Task » For each line in the records that contains "text", make a copy.

Source material »
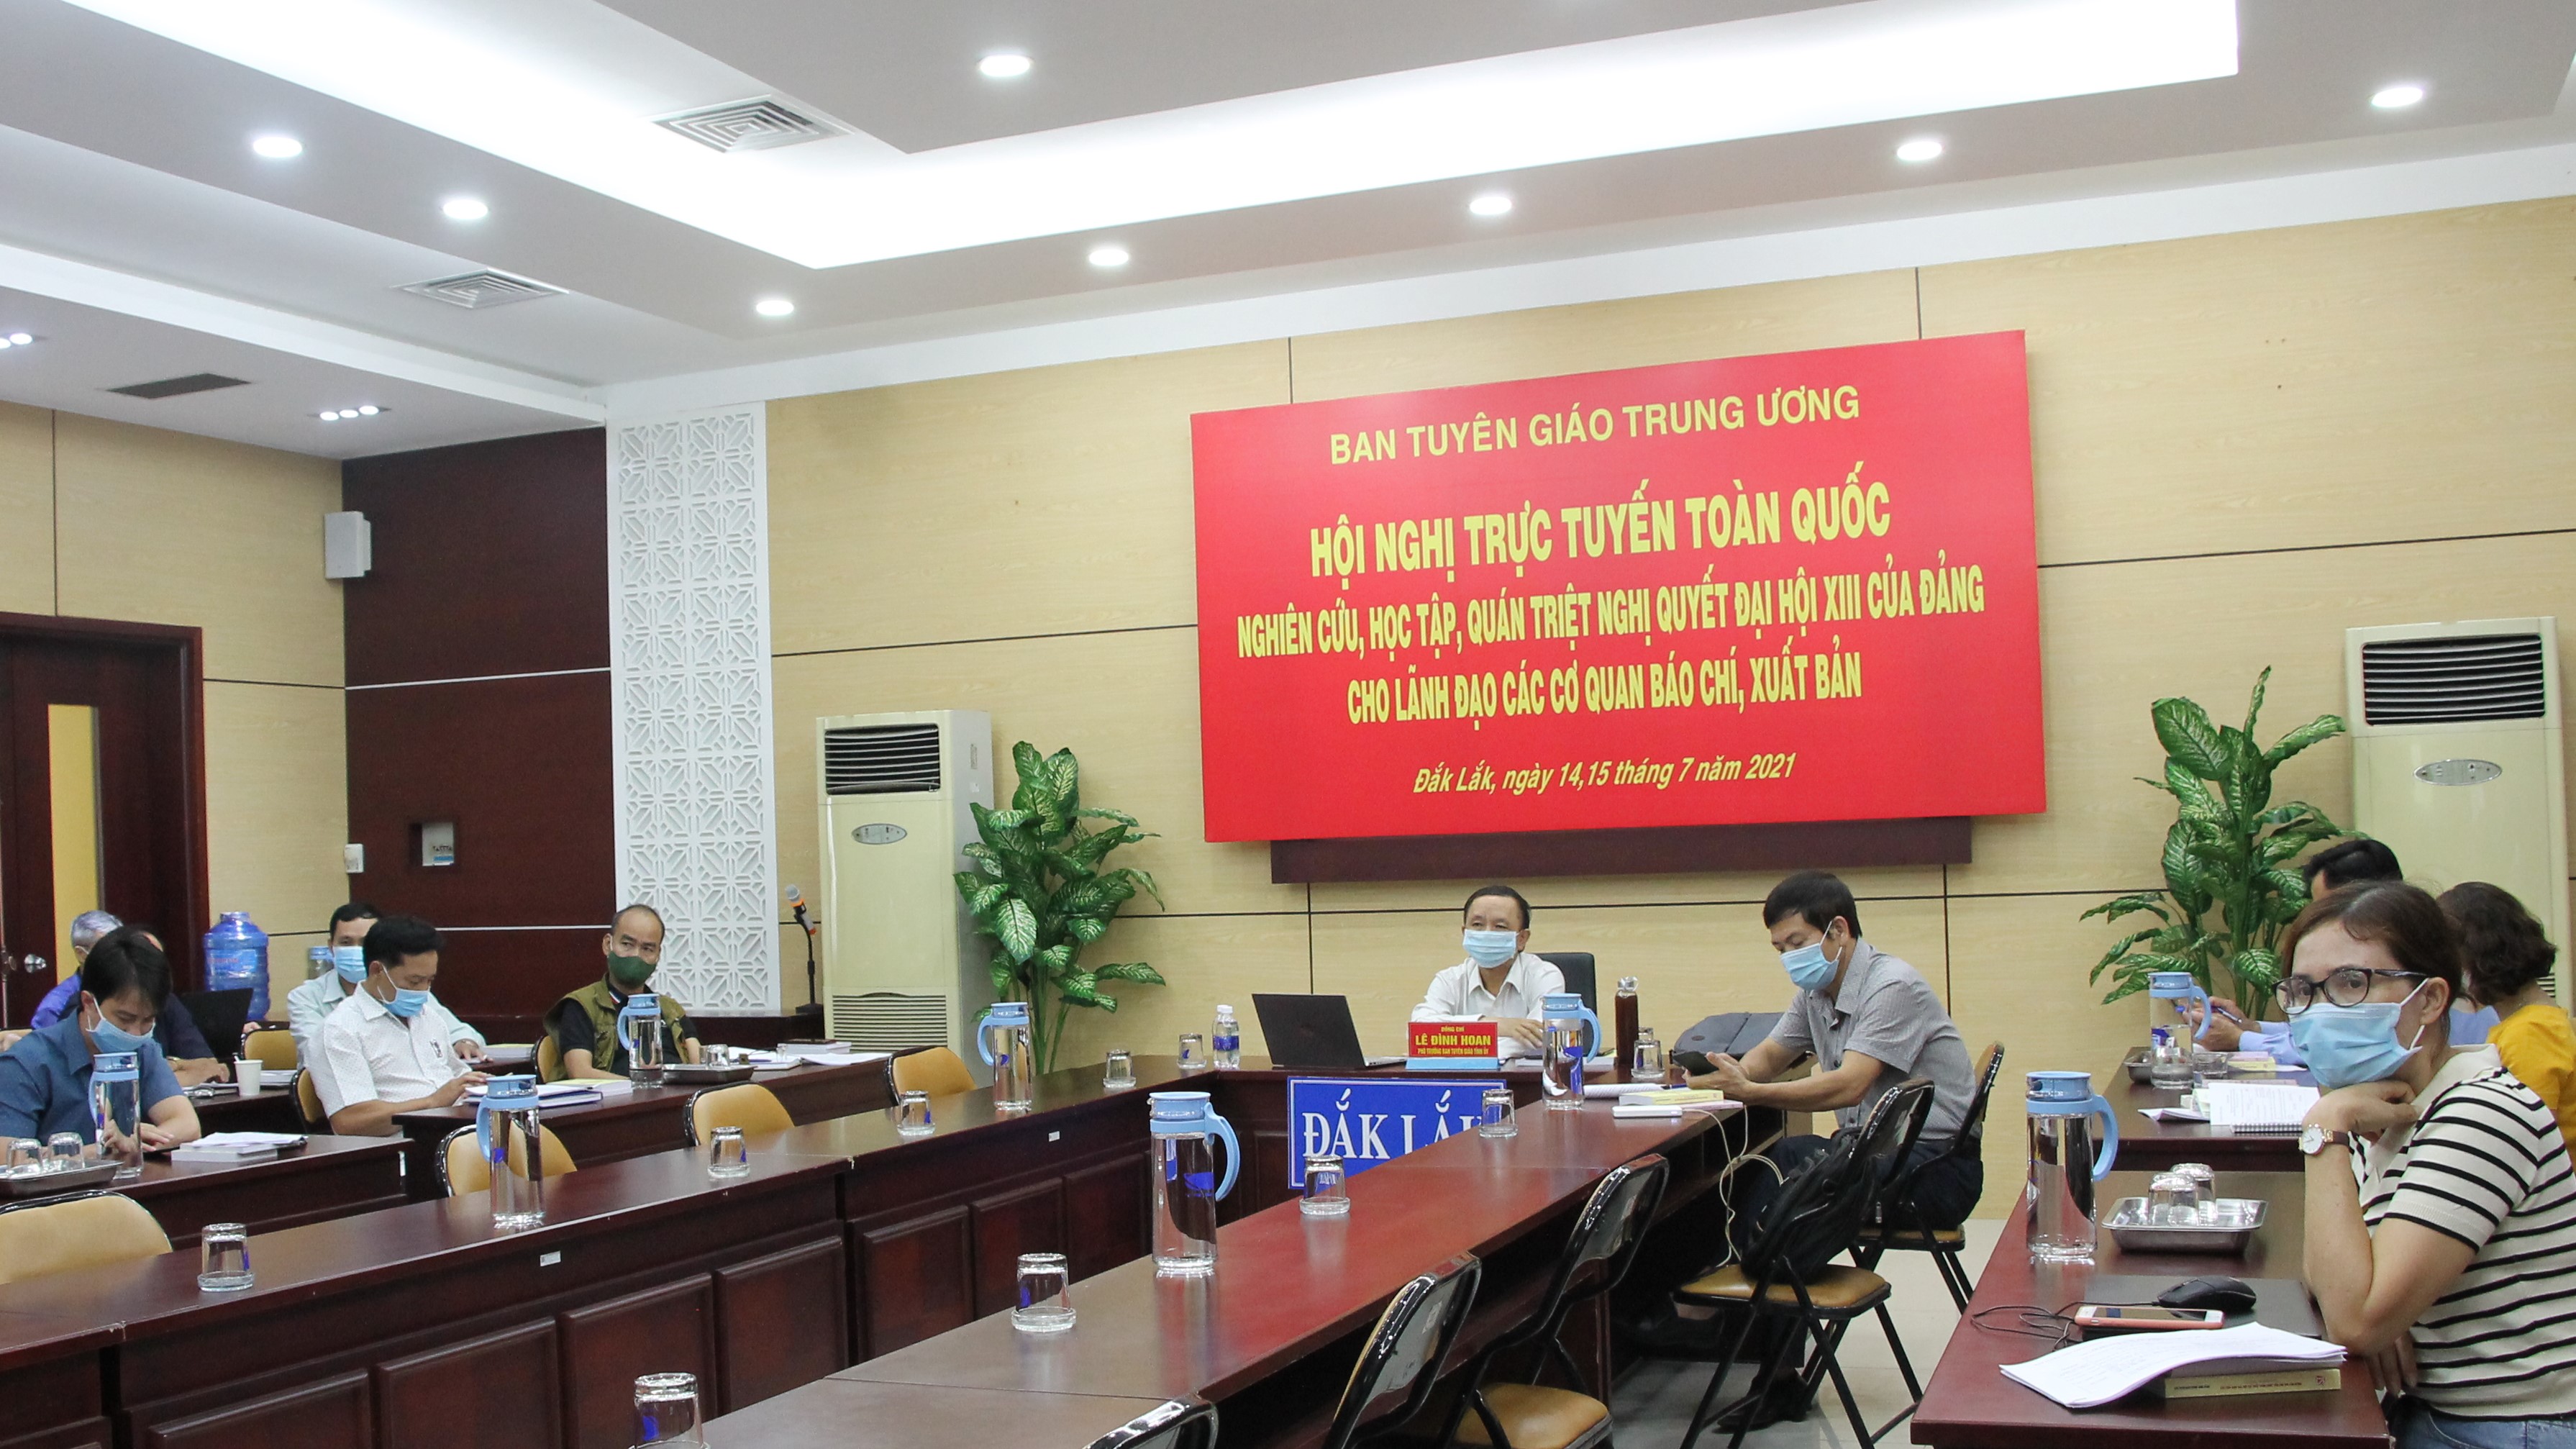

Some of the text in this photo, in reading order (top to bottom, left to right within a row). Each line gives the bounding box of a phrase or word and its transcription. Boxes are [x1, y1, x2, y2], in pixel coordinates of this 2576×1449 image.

==

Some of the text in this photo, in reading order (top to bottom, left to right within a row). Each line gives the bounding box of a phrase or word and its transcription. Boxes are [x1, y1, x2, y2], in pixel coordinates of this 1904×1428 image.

--

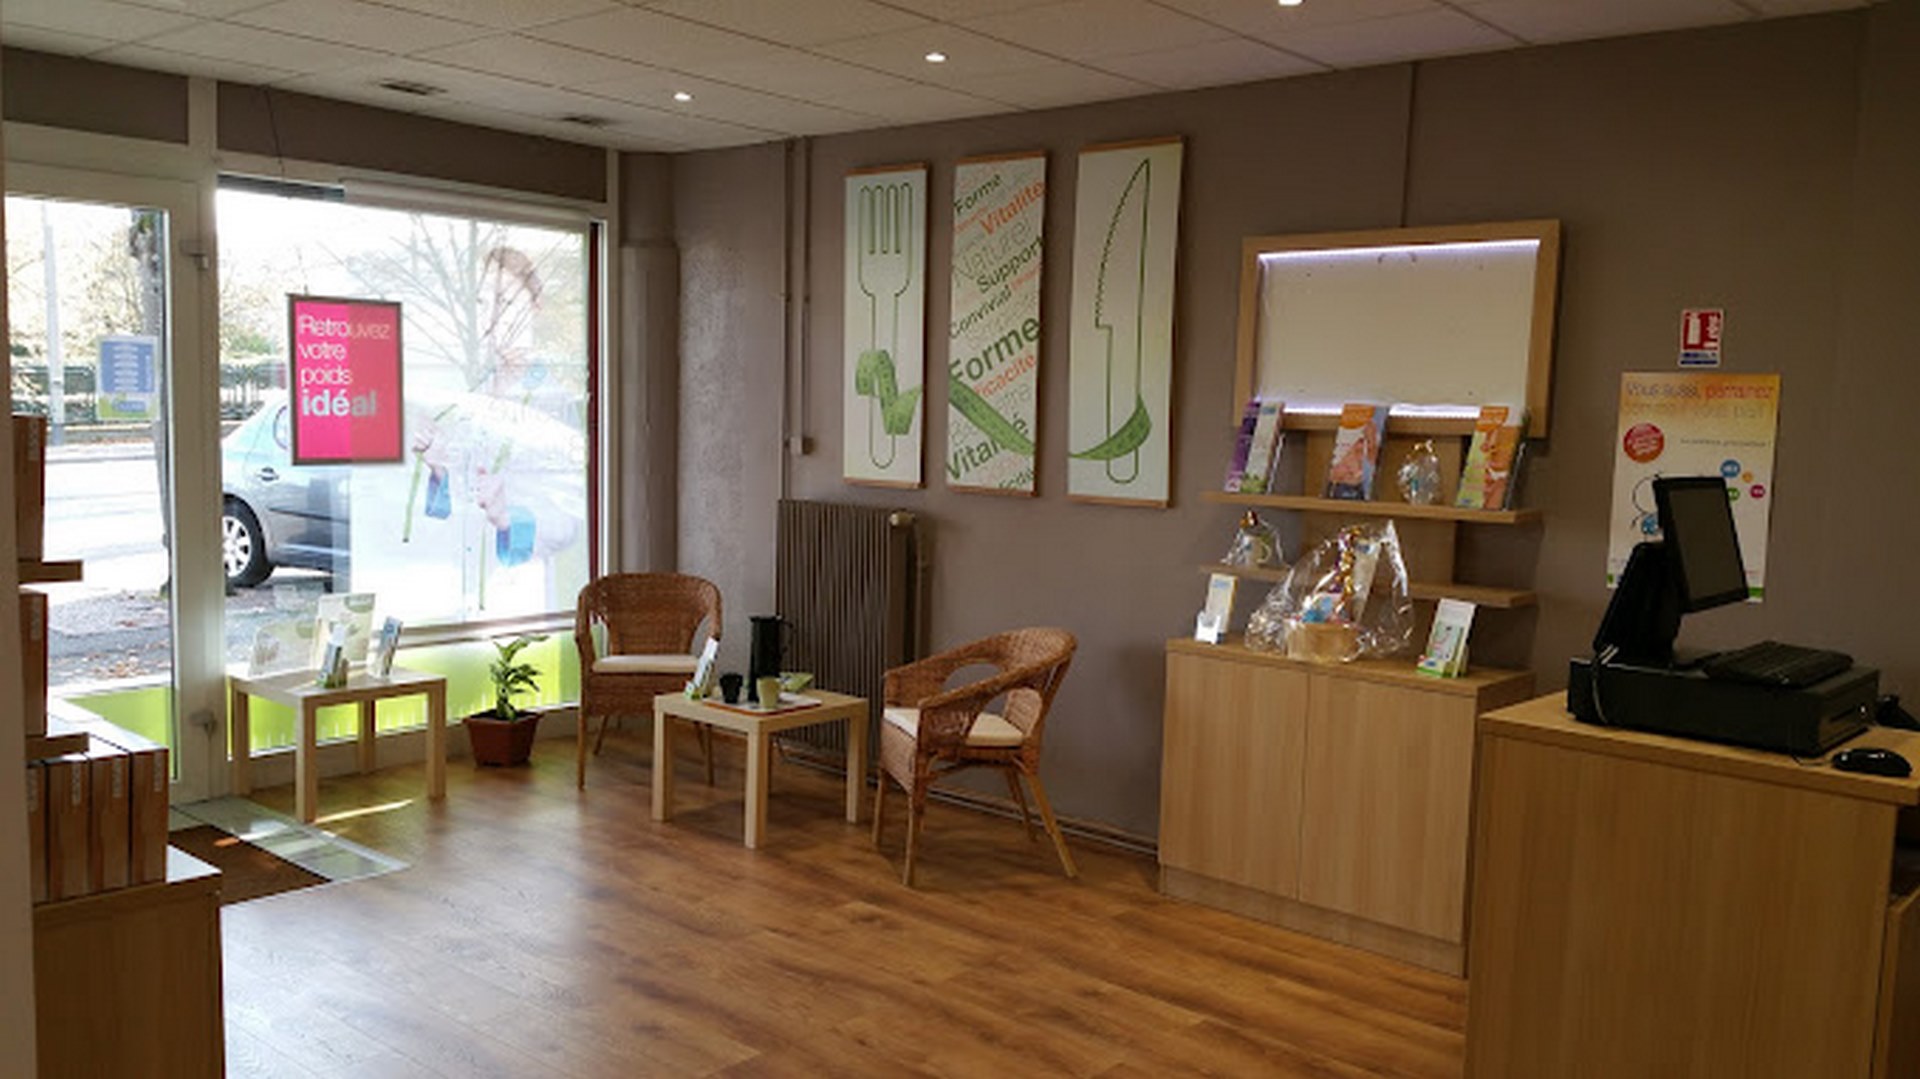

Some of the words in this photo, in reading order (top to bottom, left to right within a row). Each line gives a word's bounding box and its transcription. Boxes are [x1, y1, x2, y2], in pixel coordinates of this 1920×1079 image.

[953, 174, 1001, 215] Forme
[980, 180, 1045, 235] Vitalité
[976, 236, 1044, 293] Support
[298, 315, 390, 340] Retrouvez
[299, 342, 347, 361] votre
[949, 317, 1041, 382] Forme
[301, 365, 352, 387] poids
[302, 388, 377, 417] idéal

Answer »
Some of the text in this photo, in reading order (top to bottom, left to right within a row). Each line gives the bounding box of a phrase or word and its transcription. Boxes are [x1, y1, x2, y2], in pixel coordinates of this 2576×1449 image.
Some of the text in this photo, in reading order (top to bottom, left to right within a row). Each line gives the bounding box of a phrase or word and its transcription. Boxes are [x1, y1, x2, y2], in pixel coordinates of this 1904×1428 image.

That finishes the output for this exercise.